Myocardial hypertrophy is improved with berberine treatment via long non‐coding RNA MIAT‐mediated autophagy

Objectives This study aimed to evaluate berberine (BBR) effects on myocardial hypertrophy (MH) and associated mechanisms. Methods BBR effects on MH were evaluated in rats with constriction of abdominal aorta (CAA). qRT‐PCR assay was used to measure MH‐related genes, long non‐coding RNAs (lncRNAs) and autophagy‐related genes expressions. Western blot was performed to detect autophagy markers expression. Filamentous actin and phalloidin expressions were detected using immunofluorescence assay. Key findings BBR significantly attenuated CAA‐induced MH and cardiomyocyte enlargement.

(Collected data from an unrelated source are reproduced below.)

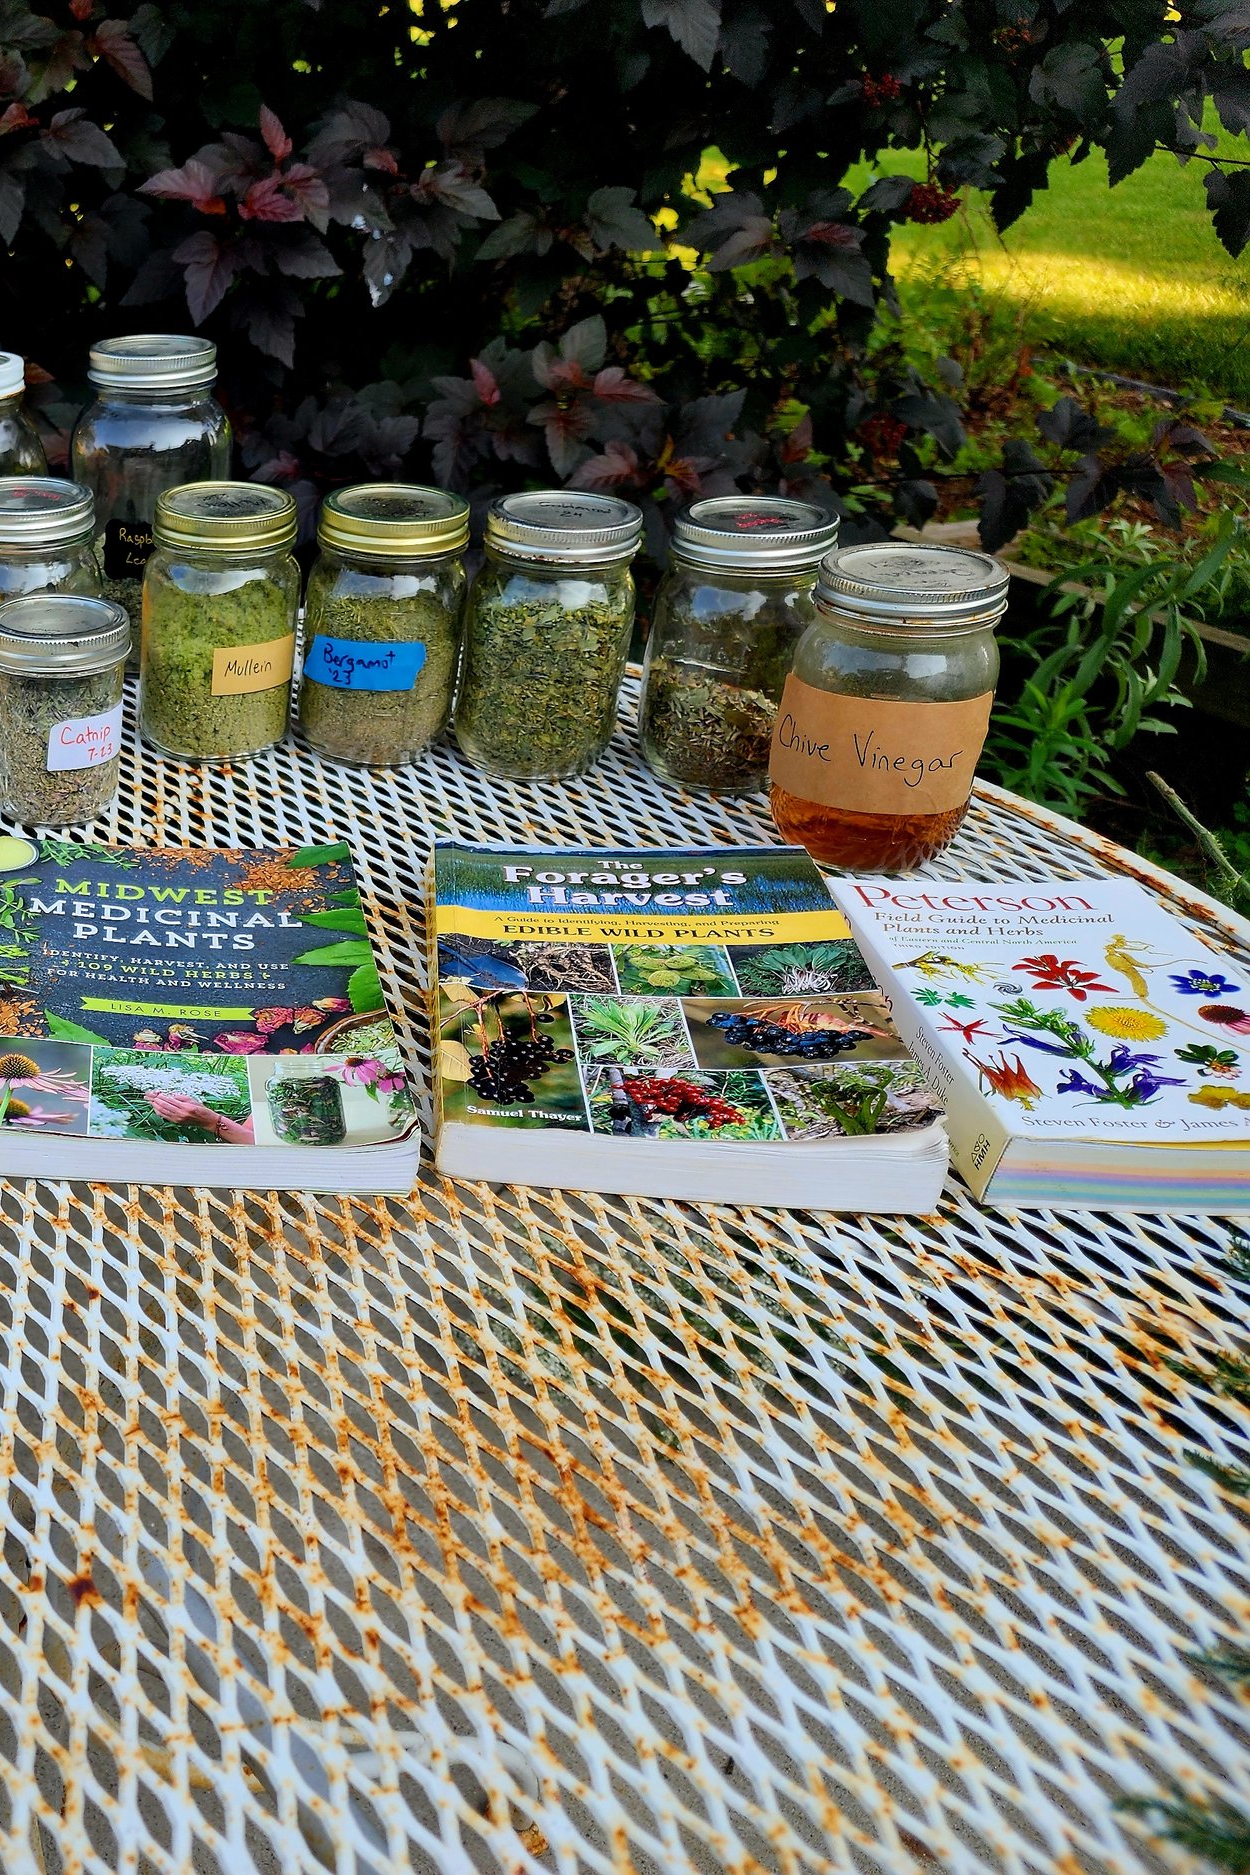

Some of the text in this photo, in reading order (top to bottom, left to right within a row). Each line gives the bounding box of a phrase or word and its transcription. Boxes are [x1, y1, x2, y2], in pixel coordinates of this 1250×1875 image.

[119, 527, 153, 545] Raspb
[126, 552, 147, 565] Lea
[224, 657, 273, 678] Mullein
[323, 642, 397, 672] Bergamot
[60, 725, 111, 745] Catnip
[778, 713, 965, 788] Chive Vinegar
[597, 859, 644, 871] The
[502, 865, 748, 890] Forager's
[54, 878, 274, 907] MIDWEST
[526, 885, 735, 907] Harvest
[847, 883, 1100, 913] Peterson
[28, 897, 304, 929] MEDICINAL
[507, 915, 540, 924] Guide
[558, 917, 622, 927] Identifying,
[625, 918, 691, 928] Harvesting,
[695, 918, 716, 926] and
[720, 919, 780, 928] Preparing
[874, 911, 1116, 925] Field Guide to Medicinal
[72, 922, 256, 951] PLANTS
[503, 924, 776, 939] EDIBLE WILD PLANTS
[882, 922, 1044, 936] Plants and Herbs
[961, 937, 999, 945] Central
[42, 948, 290, 971] IDENTIFY, HARVEST, AND USE
[78, 959, 255, 981] 109 WILD HERBS
[47, 967, 287, 990] FOR HEALTH AND WELLNESS
[110, 1002, 223, 1018] LISA M. ROSE
[915, 1025, 955, 1085] Steven Foster
[931, 1075, 949, 1107] Duke
[465, 1104, 583, 1121] Samuel Thayer
[1021, 1115, 1086, 1128] Steven
[1087, 1116, 1150, 1129] Foster
[1154, 1118, 1176, 1129] &
[1179, 1117, 1239, 1132] James
[973, 1138, 991, 1171] HMH
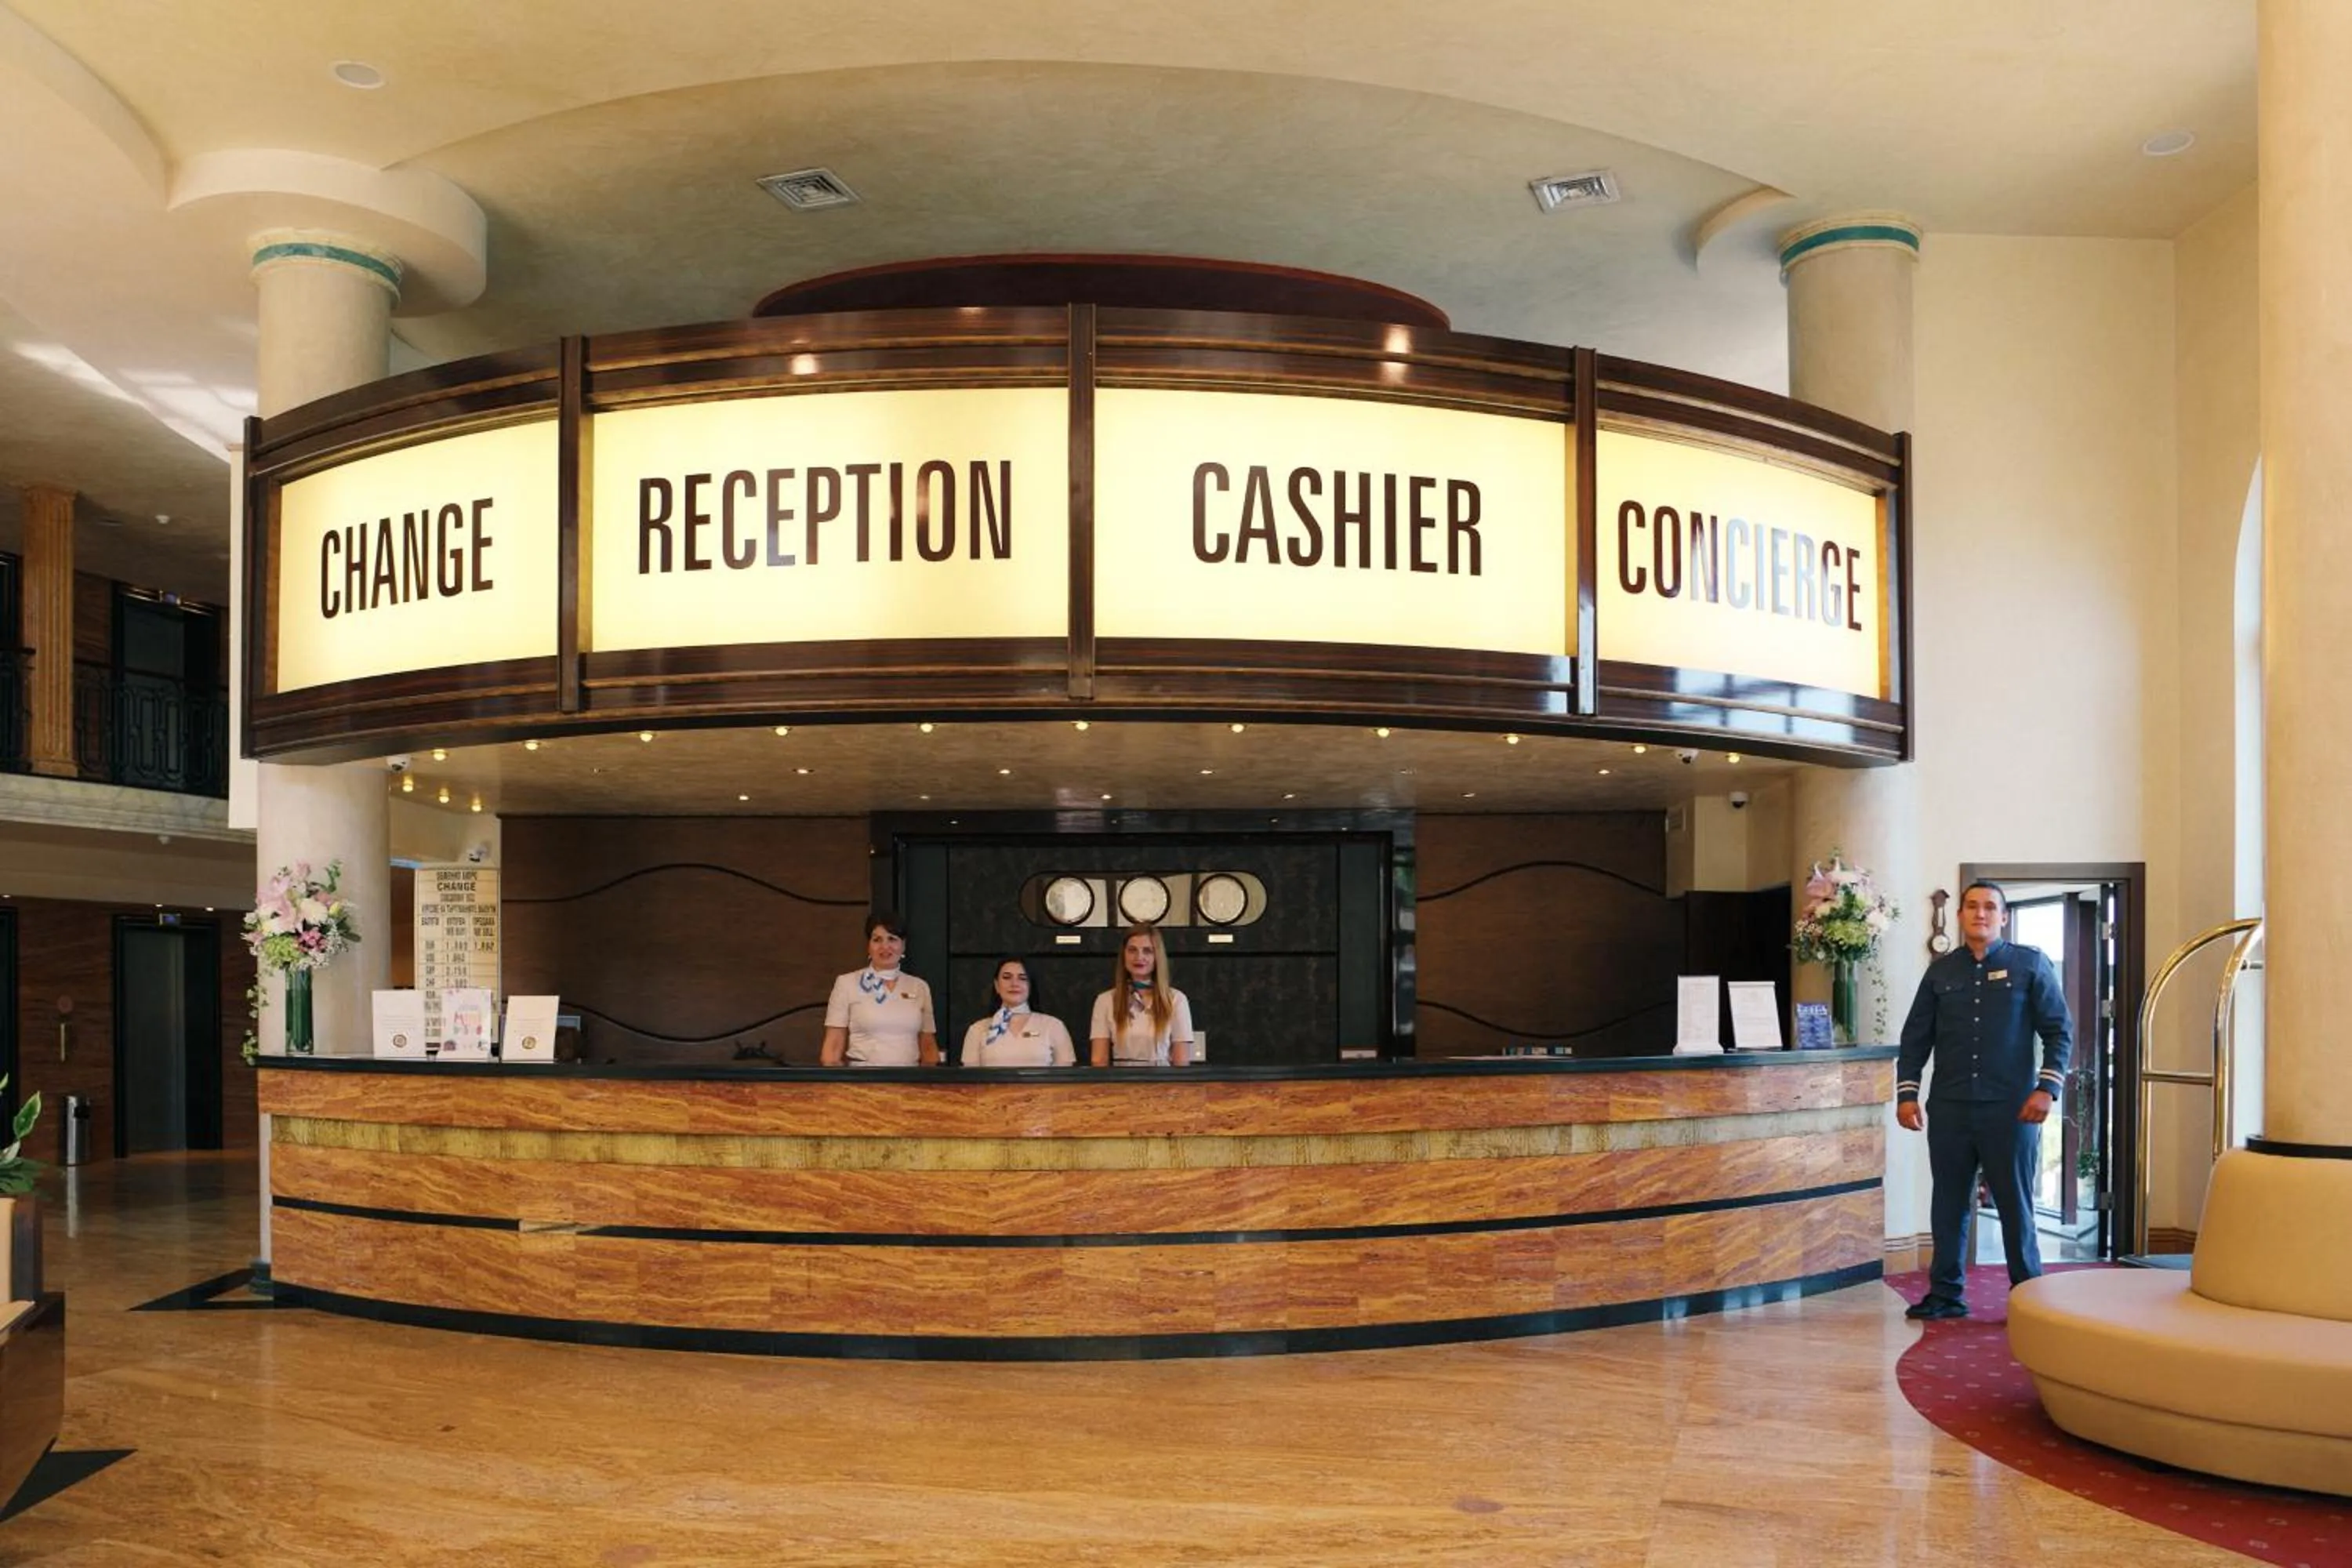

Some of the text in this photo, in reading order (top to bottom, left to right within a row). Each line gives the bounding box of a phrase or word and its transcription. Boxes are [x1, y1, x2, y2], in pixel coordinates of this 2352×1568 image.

[320, 497, 495, 619] CHANGE
[638, 459, 1012, 575] RECEPTION
[1192, 461, 1483, 576] CASHIER
[1617, 499, 1863, 632] CONCIERGE
[437, 882, 477, 891] CHANGE

CAA upregulated β myosin heavy chain and atrial natriuretic peptide expressions in heart tissues, which was attenuated by BBR. BBR suppressed myocardial infarction associated transcript (MIAT) expression in rats with CAA. p62 mRNA expression was upregulated and beclin1 and autophagy related 5 were downregulated in CAA versus control groups. The effects were abolished by BBR. In vitro studies showed that BBR ameliorated angiotensin II‐induced MH and attenuated Ang II‐induced MIAT expression in H9C2 cells. Expressions of phosphorylated mTOR, phosphorylated AMPK and LC3 were upregulated in H9C2 cells after Ang II stimulation, and the effects were abolished by BBR. Conclusions BBR exerted beneficial effects on MH induced by CCA, and the mechanisms were associated with decreased MIAT expression and enhanced autophagy.